神奈子の耳に鞘が空を裂く音が聞こえてきた。迫り来る鞘を神奈子はバックステップをとることで回避することに成功したのだ。

 

(よし躱せた!この勝負・・・・・私の勝ちだ!)

 

勝利を確信し、スペルカードを構える神奈子。

 

その瞬間・・・・

 

「飛天『龍砕閃』」

 

ドスン!

 

(・・・・・え?)

 

神奈子は胸元に衝撃を受け、膝をついて俯いた。

 

(一体・・・・・何が?)

 

何が起こったのか知ろうと神奈子は顔を上げた。

 

神奈子の目に映ったのは・・・・・・刀が納められた鞘の先端を突きつける竜希の姿であった。

 

「勝負ありだな。八坂神奈子」

 

「なに・・・・・その技?そんな技私は・・・・・知らない」

 

ダメージによって上手く声が出せなかったが、それでも神奈子は疑問の声を上げた。

 

「知らなくて当然だ。龍砕閃は俺が作った飛天御剣流の納刀術だからな」

 

「あんたが・・・・・作っただって?」

 

「ああ・・・・・抜刀術を多用する飛天御剣流はその分納刀する機会も多いからな。だったらその納刀を利用する技がもっとあってもいいと思って作ったんだよ」

 

「はは・・・・・ははは。本当にあんたは・・・・・・私の想定以上だね」

 

軍神であるはずの自分と竜希の間にある圧倒的なまでの力の差。それを痛感した神奈子はもはや笑わずにはいられなかった。

 

そんな神奈子に竜希は・・・・・どこか悲しそうな表情を浮かべながら言う。

 

「当然だ。俺は・・・・・・『最強』だからな」

 

 




あとがき座談会のコーナー!IN東方!

今回のゲストは神奈子さんです!

「よろしくね」

はいよろしくお願いします!

それでは進めていきましょう!

「今回の竜希と神奈子の戦いだったわけだが・・・・」

「・・・完敗だわ。まさかあそこまで差があるとはね」

「当然だ。いくら神奈子が軍神であろうとも・・・・俺は『最強』だからな」

「・・・・・そこまではっきり言われるといっそ清々しいわね」

「それにしても・・・・今回は座談会でも真面目モードなんだな」

まあ本編でも殆ど真面目モードでしたからね。

ではここらで龍砕閃の説明をしましょうか。

大体は以下のような感じです。

龍砕閃
竜希が編み出した納刀術。
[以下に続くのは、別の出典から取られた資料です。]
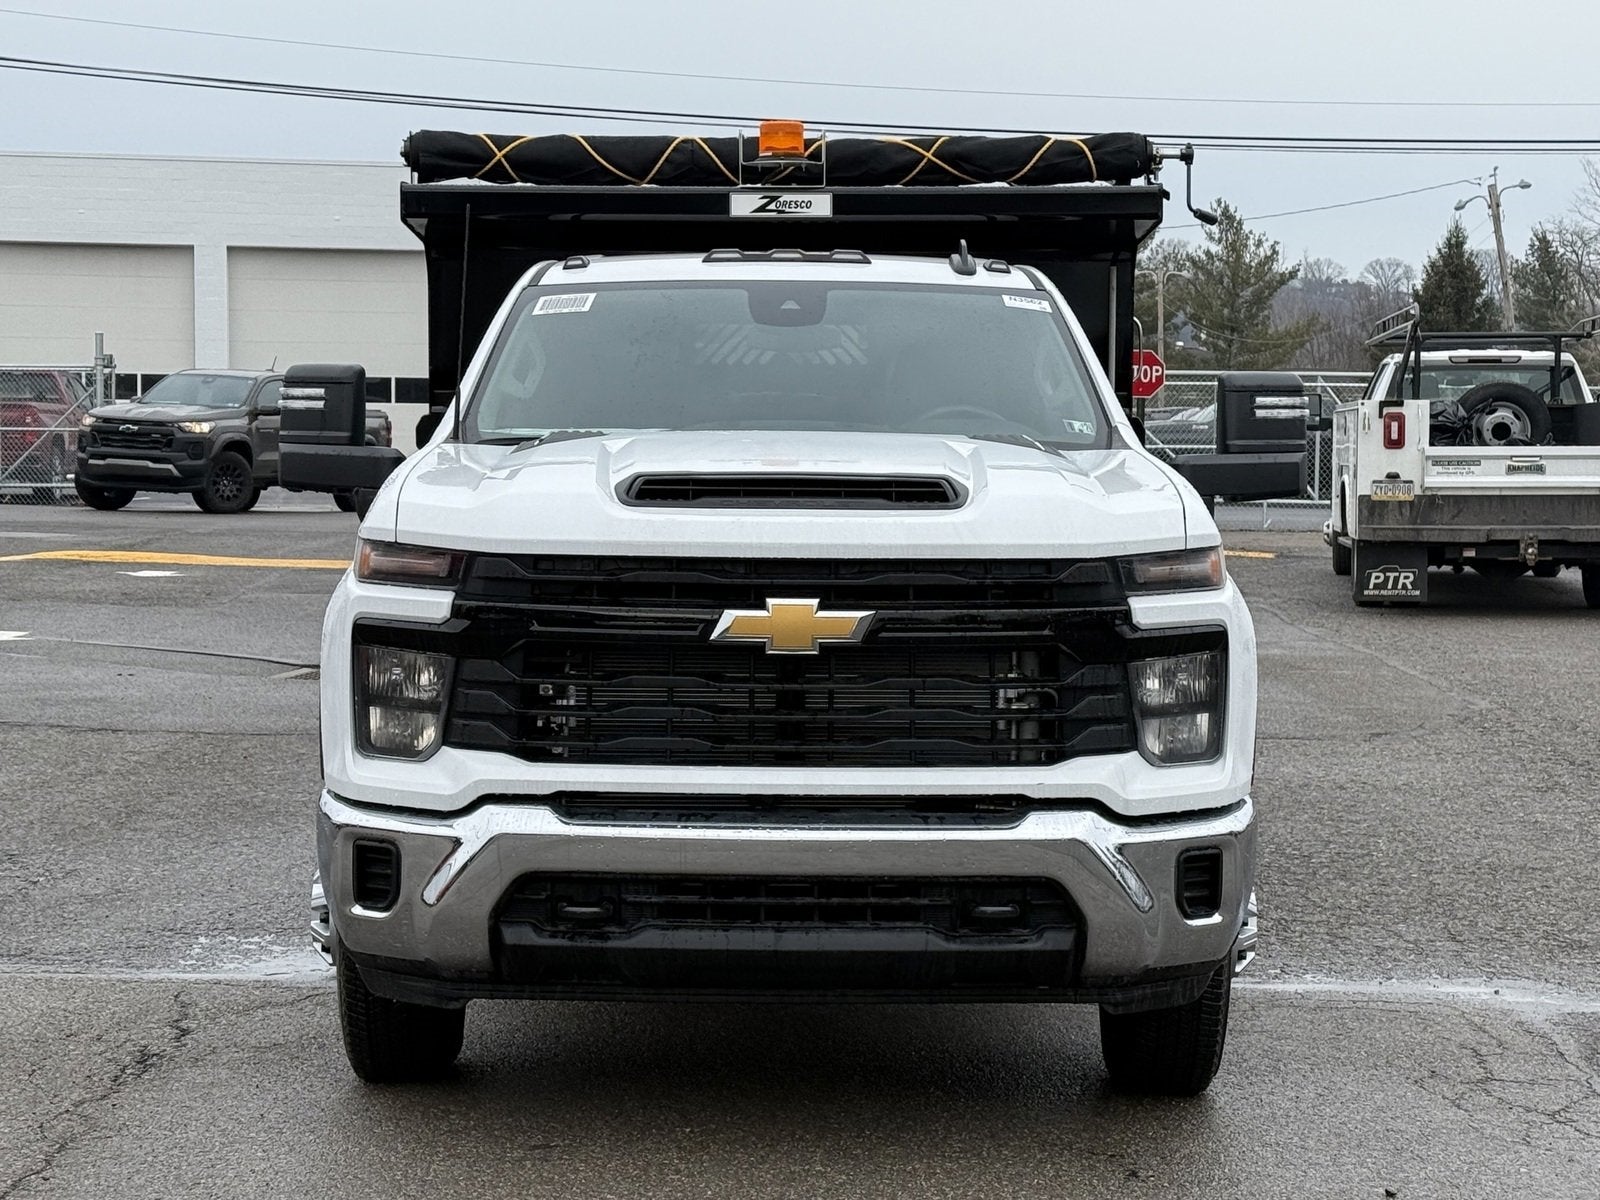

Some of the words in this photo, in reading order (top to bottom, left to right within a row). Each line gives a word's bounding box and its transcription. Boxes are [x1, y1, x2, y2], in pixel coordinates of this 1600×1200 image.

[749, 195, 813, 214] ZORESCO
[1132, 365, 1163, 383] TOP
[1507, 463, 1545, 473] KNAPHEIDE
[1368, 572, 1415, 590] PTR
鞘の先を相手に向け、納刀の際に生じる衝撃を相手に叩き込む。
納刀の勢いが高ければ高いほど威力が増す。
TOGのアスベルが使用する封神雀華がモデル。

「納刀しながらの攻撃か・・・・・抜刀術が得意な竜希とは相性がいいな」

そうですね。この技を出したあとにすぐに抜刀することもできますし。

そしてさらに恐ろしいことに・・・・・この技は龍鳴閃と同時に発動できることです。

「「・・・・・本当に恐ろしい」」

「確かに相手からしたらたまったものじゃあないかもしれないな」

まあ今回は流石に龍鳴閃の方は使いませんでしたがね。

「竜希・・・・本当に人間なの?」

「まごうことなき人間だよ。これでもな」

まあ疑う気持ちはよくわかります。

さて、今回はここで締めにしましょう。